A common mistake is creating the rule on the default event bus. Always confirm the event bus shown at the top of the Rules page matches your Okta partner event bus name before creating the rule.

Verify in Bronto

Open Bronto and go to Search. Trigger a test event, for example by signing in or out of the Okta Admin Console, and confirm the event appears in the UI. Each event arrives as a full Okta System Log record nested inside an EventBridge envelope. The Okta event payload is in the detail object.

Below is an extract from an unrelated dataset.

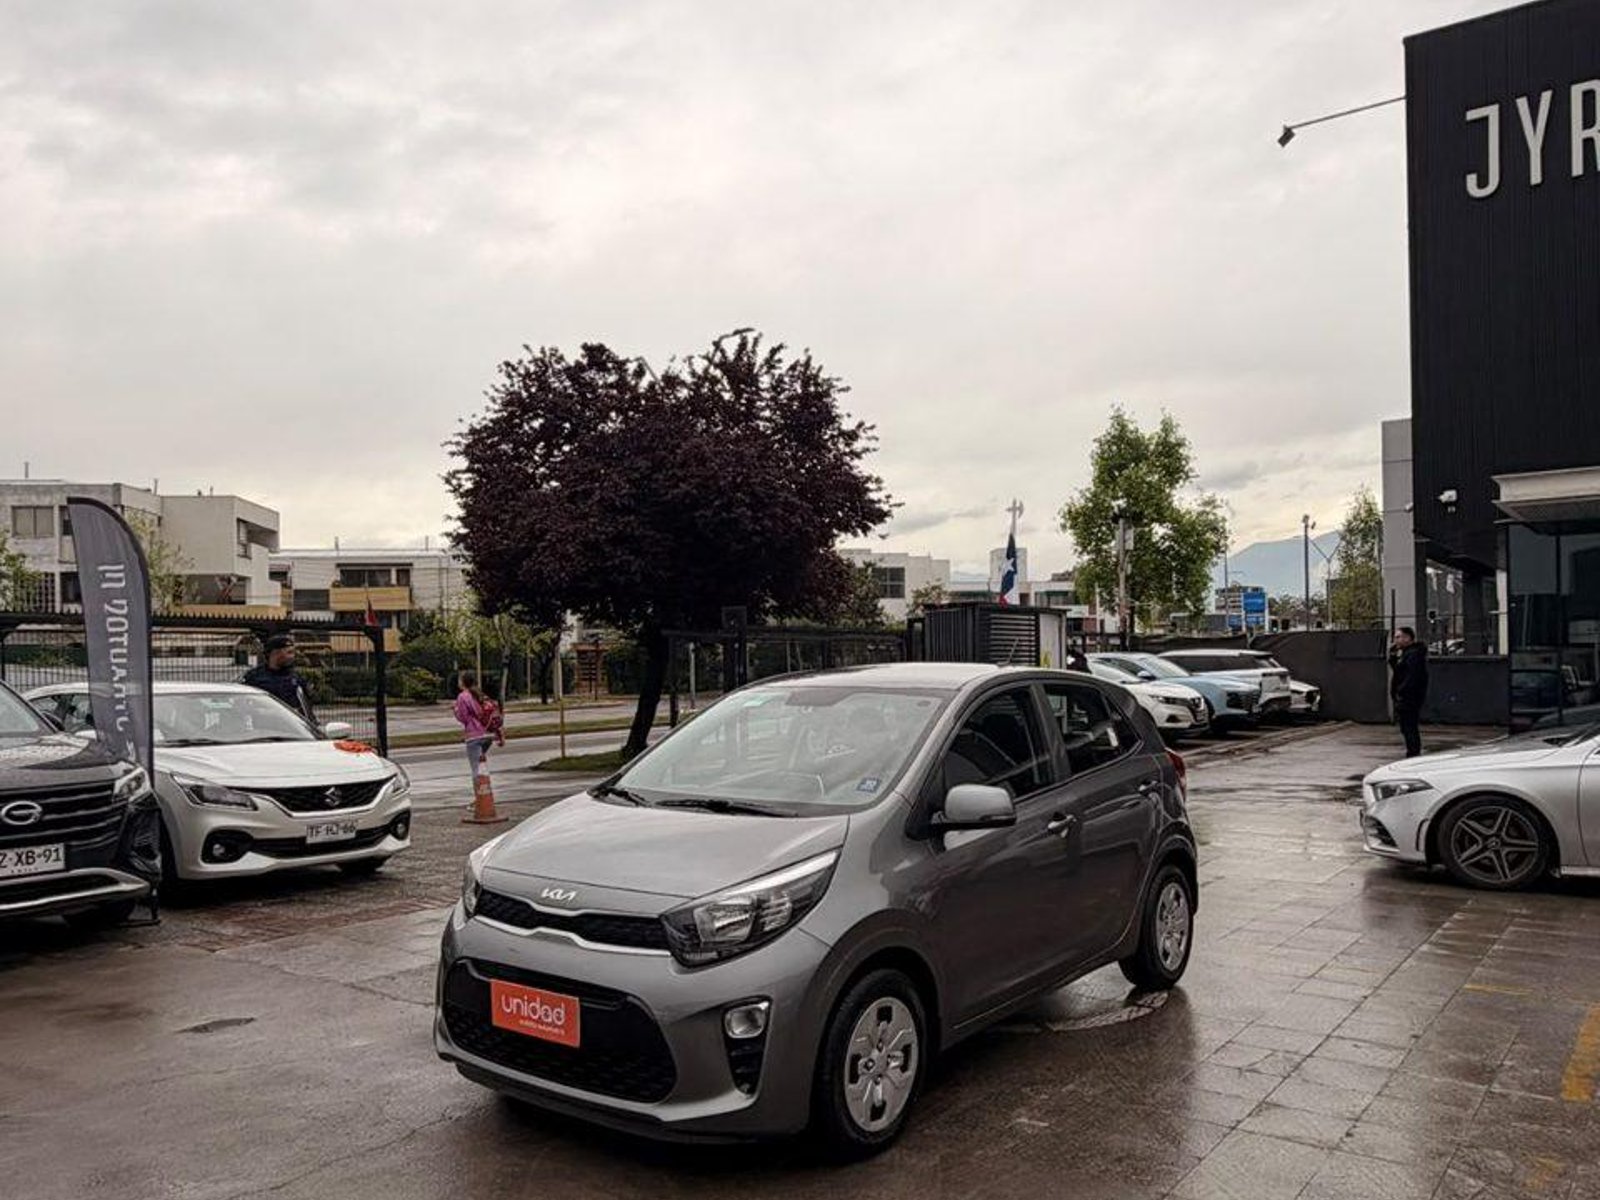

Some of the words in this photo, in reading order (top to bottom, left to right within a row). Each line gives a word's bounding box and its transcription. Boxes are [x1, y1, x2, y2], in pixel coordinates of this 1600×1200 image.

[1465, 79, 1600, 198] JYR
[541, 887, 577, 902] KIA
[501, 994, 566, 1025] unidad

What you will see in Bronto

Okta events arrive wrapped in the EventBridge event structure. The Okta System Log payload is in the detail field. Useful fields in Bronto include:
  • detail.eventType, for example user.session.start
  • detail.actor.alternateId, identifying who triggered the event
  • detail.outcome.result, showing success or failure
  • detail.published, the event timestamp
  • detail.severity
Common filters include:
  • detail.eventType
  • detail.actor.alternateId
  • detail.severity

Troubleshooting

  • No events appearing in Bronto? Confirm the Okta log stream shows as Active under Reports → Log Streaming and that the EventBridge partner event source is Associated in the AWS console.
  • Rule shows no invocations? Check that the rule is on the Okta partner event bus, not the default event bus. Go to EventBridge → Rules, switch the bus dropdown to aws.partner/okta.com/<your-subdomain>/okta-bronto, and confirm your rule appears there. Rules on the default bus will never receive Okta events.
  • Getting 401 errors? Verify the x-bronto-api-key value in the EventBridge connection matches a valid Bronto API key with the Ingestion role.
  • Events arriving without a dataset or collection? Confirm the x-bronto-dataset and x-bronto-collection header parameters are set in the Invocation Http Parameters section of the bronto-destination API destination.
  • Partner event source stuck in Pending? The source only becomes active after you associate it with an event bus in the AWS console — see Step 2.
  • Log Streaming not available in Okta? This feature requires the Okta Enterprise plan. Contact Okta support to enable it for your org.